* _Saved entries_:
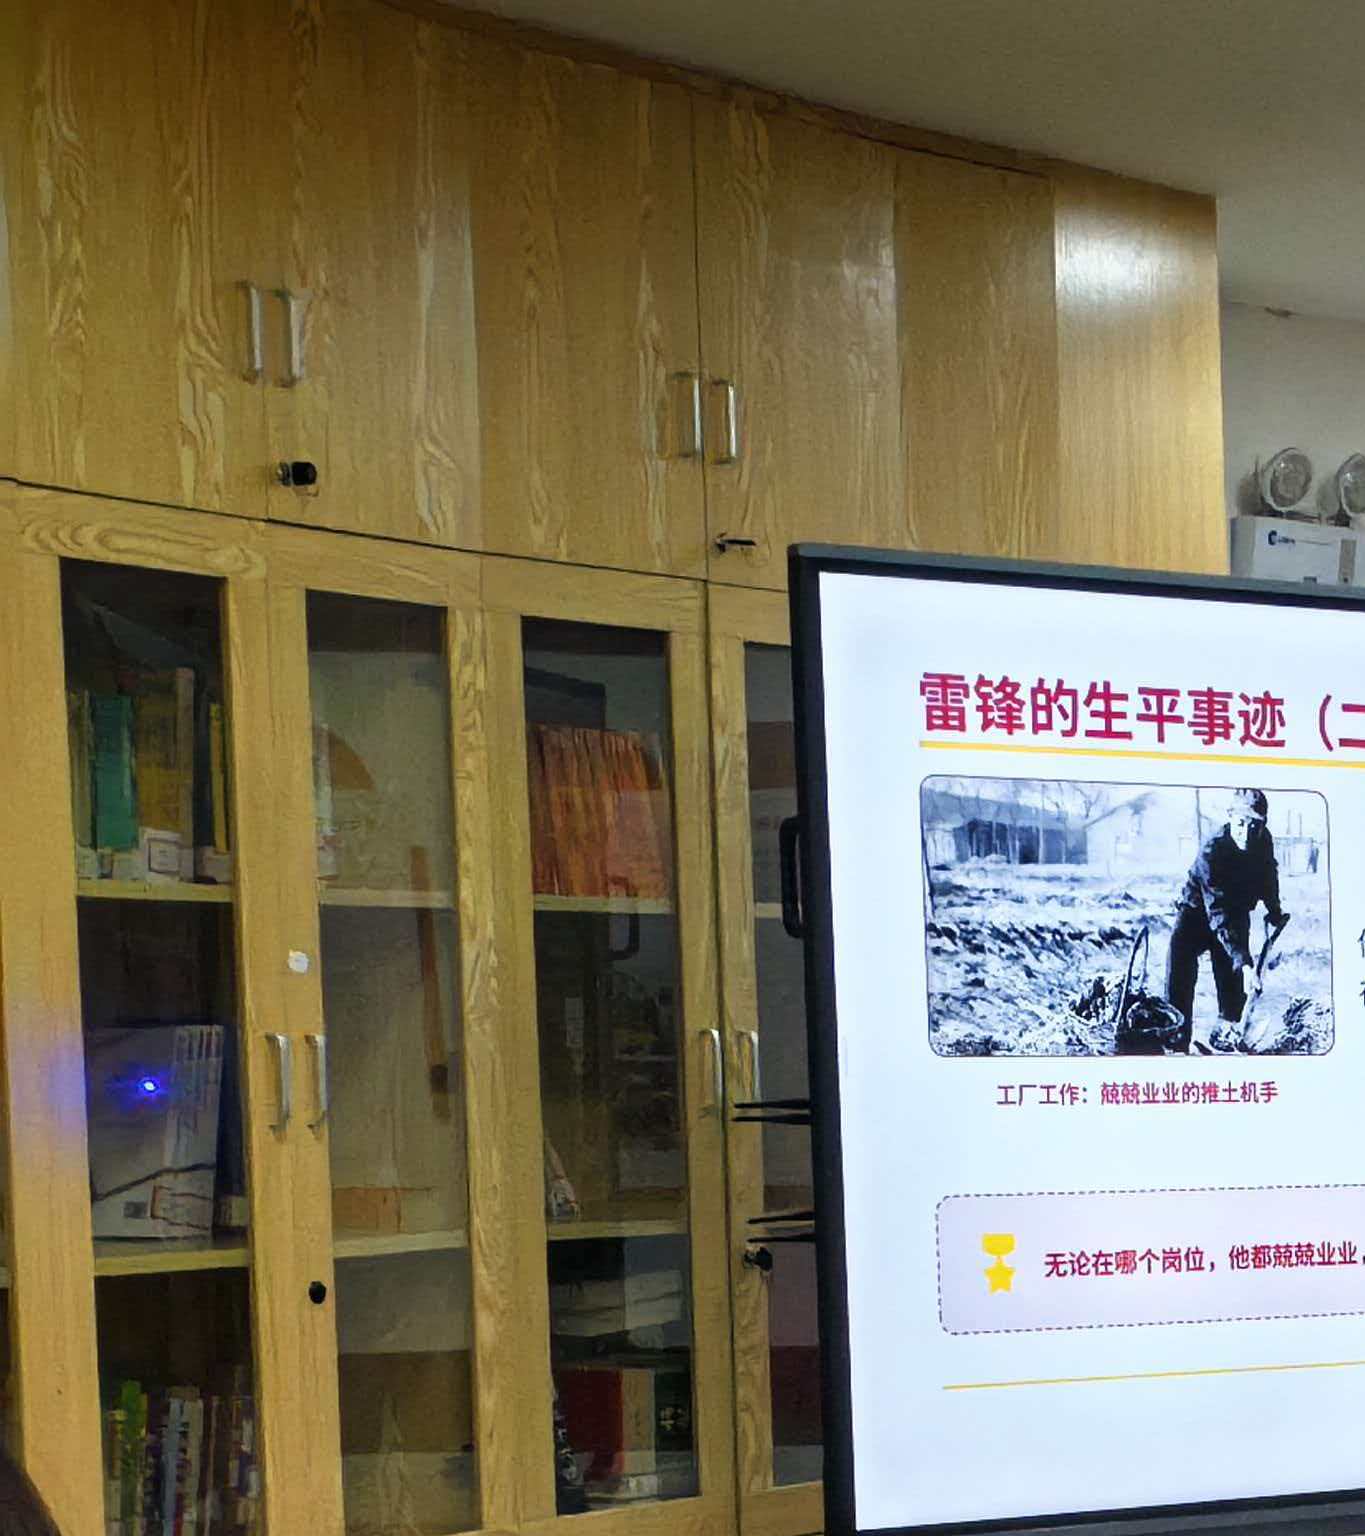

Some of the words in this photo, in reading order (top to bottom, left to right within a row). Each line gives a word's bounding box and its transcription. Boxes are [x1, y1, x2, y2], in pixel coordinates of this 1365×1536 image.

[997, 1080, 1279, 1107] 工厂工作：兢兢业业的推土机手
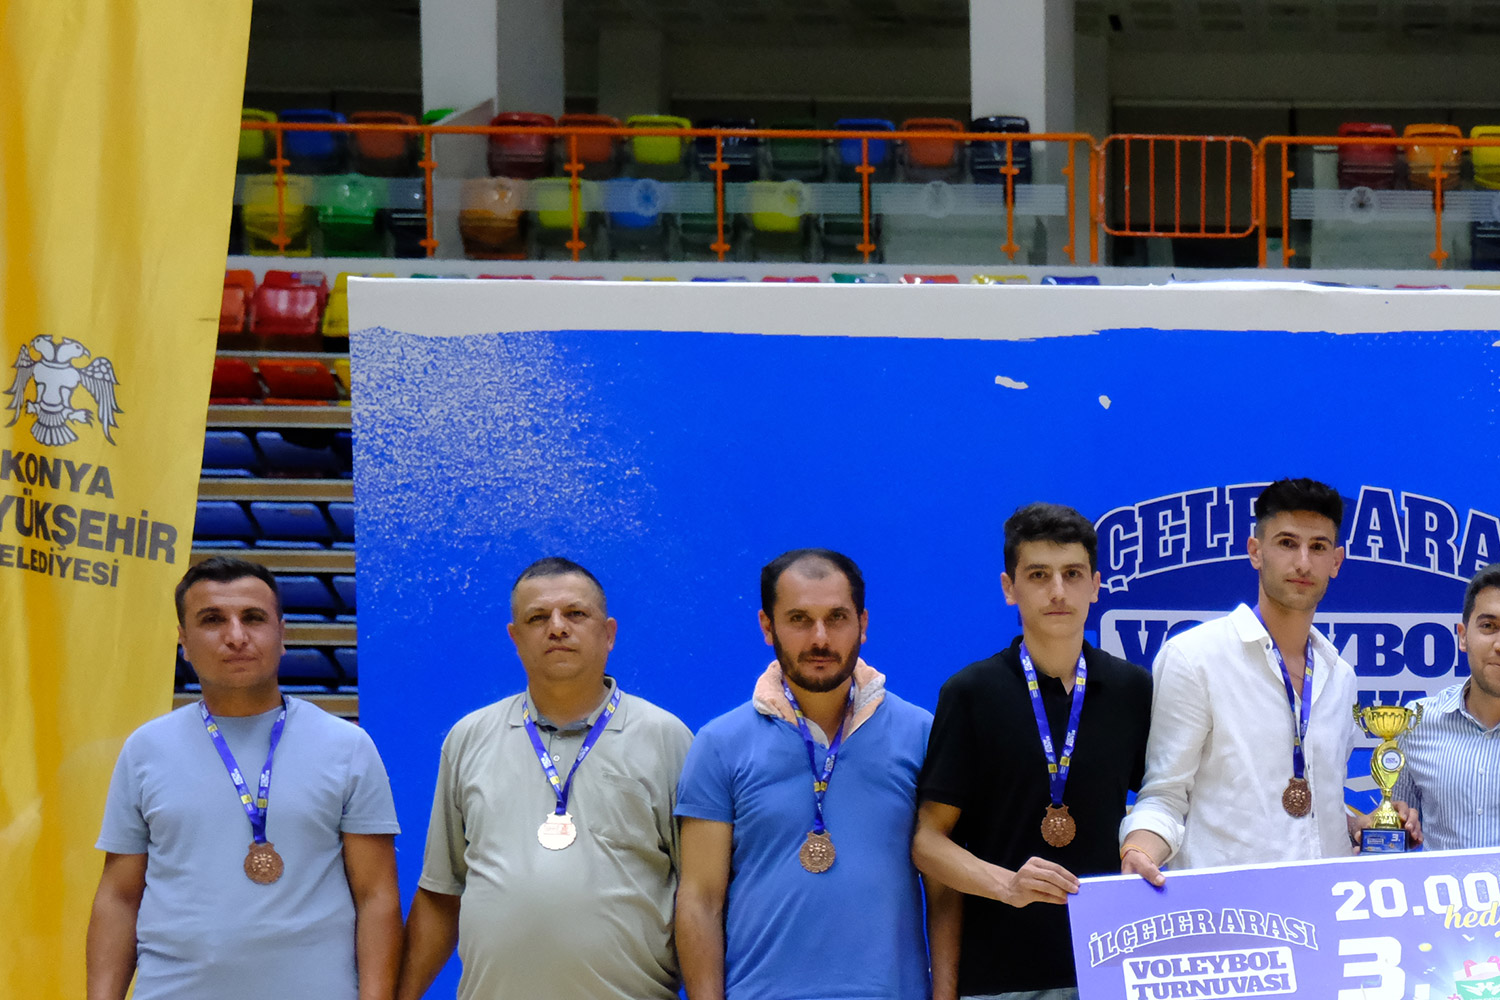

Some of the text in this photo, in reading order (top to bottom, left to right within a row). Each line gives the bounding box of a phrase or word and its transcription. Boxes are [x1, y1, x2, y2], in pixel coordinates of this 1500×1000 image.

[0, 449, 114, 499] KONYA
[1088, 908, 1319, 968] İLÇELER ARASI
[1129, 950, 1287, 979] VOLEYBOL
[1132, 973, 1291, 1000] TURNUVASI
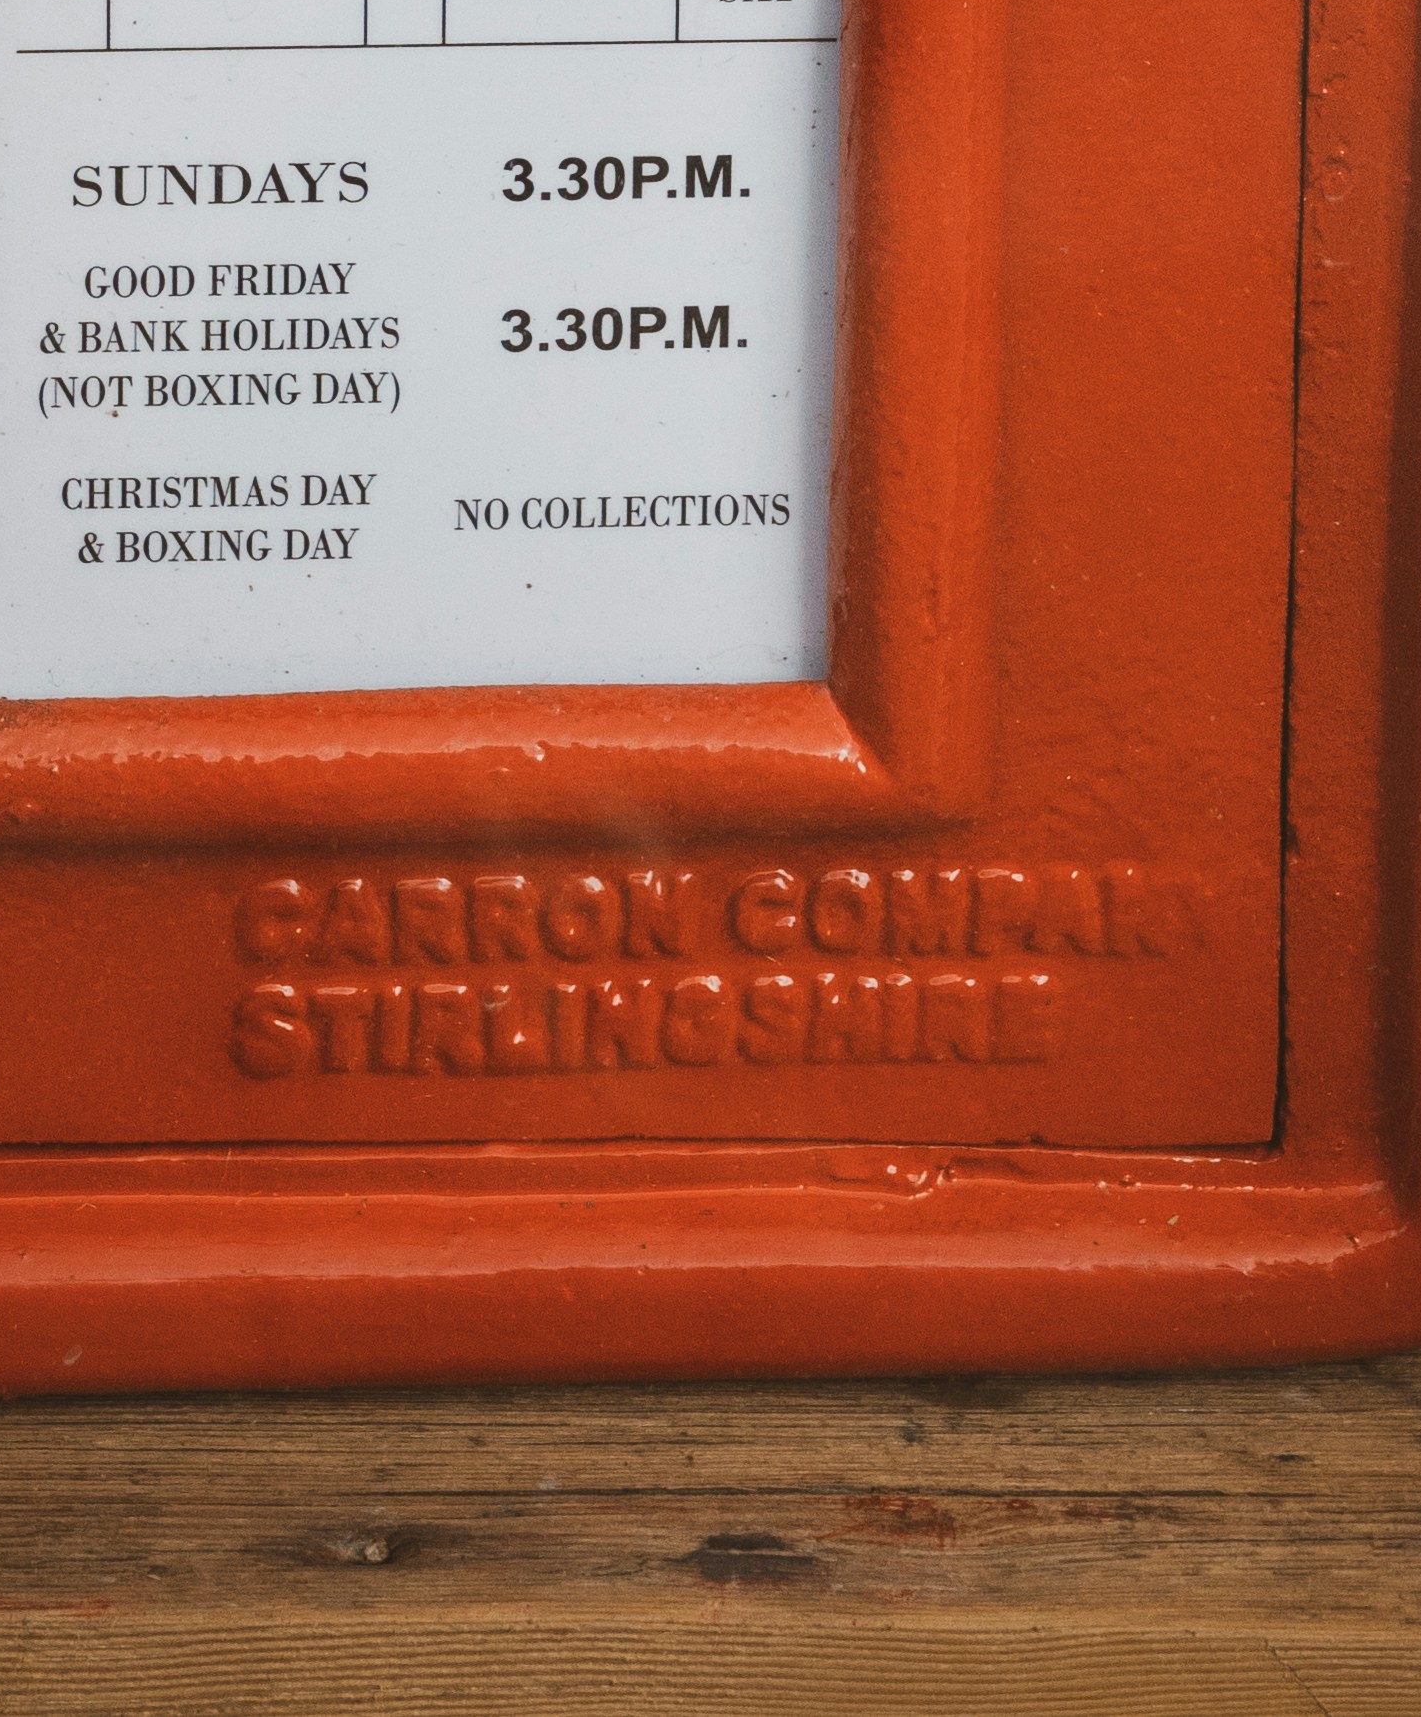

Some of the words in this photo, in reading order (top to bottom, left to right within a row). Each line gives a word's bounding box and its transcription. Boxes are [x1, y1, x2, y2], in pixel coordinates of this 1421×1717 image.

[71, 160, 370, 209] SUNDAYS
[501, 153, 751, 203] 3.30P.M.
[83, 264, 196, 300] GOOD
[207, 261, 357, 298] FRIDAY
[38, 321, 66, 355] &
[77, 319, 190, 355] BANK
[200, 315, 401, 353] HOLIDAYS
[499, 304, 749, 354] 3.30P.M.
[37, 374, 134, 420] (NOT
[143, 371, 302, 408] BOXING
[311, 370, 402, 415] DAY)
[60, 473, 290, 512] CHRISTMAS
[299, 473, 374, 507] DAY
[453, 497, 510, 531] NO
[520, 492, 791, 531] COLLECTIONS
[77, 531, 106, 565] &
[114, 527, 273, 564] BOXING
[282, 526, 361, 562] DAY
[232, 872, 702, 966] CARRON
[228, 970, 1056, 1081] STIRLINGSHIRE

* _Description of the task_:
Every record must be copied exactly, with the pictures left out.

* _Task result_:
Some of the words in this photo, in reading order (top to bottom, left to right within a row). Each line gives a word's bounding box and its transcription. Boxes are [x1, y1, x2, y2], in pixel coordinates of this 1365×1536 image.

[997, 1080, 1279, 1107] 工厂工作：兢兢业业的推土机手

Some of the text in this photo, in reading order (top to bottom, left to right within a row). Each line gives the bounding box of a phrase or word and its transcription. Boxes are [x1, y1, x2, y2], in pixel coordinates of this 1500×1000 image.

[0, 449, 114, 499] KONYA
[1088, 908, 1319, 968] İLÇELER ARASI
[1129, 950, 1287, 979] VOLEYBOL
[1132, 973, 1291, 1000] TURNUVASI

Some of the words in this photo, in reading order (top to bottom, left to right within a row). Each line gives a word's bounding box and its transcription. Boxes are [x1, y1, x2, y2], in pixel coordinates of this 1421×1717 image.

[71, 160, 370, 209] SUNDAYS
[501, 153, 751, 203] 3.30P.M.
[83, 264, 196, 300] GOOD
[207, 261, 357, 298] FRIDAY
[38, 321, 66, 355] &
[77, 319, 190, 355] BANK
[200, 315, 401, 353] HOLIDAYS
[499, 304, 749, 354] 3.30P.M.
[37, 374, 134, 420] (NOT
[143, 371, 302, 408] BOXING
[311, 370, 402, 415] DAY)
[60, 473, 290, 512] CHRISTMAS
[299, 473, 374, 507] DAY
[453, 497, 510, 531] NO
[520, 492, 791, 531] COLLECTIONS
[77, 531, 106, 565] &
[114, 527, 273, 564] BOXING
[282, 526, 361, 562] DAY
[232, 872, 702, 966] CARRON
[228, 970, 1056, 1081] STIRLINGSHIRE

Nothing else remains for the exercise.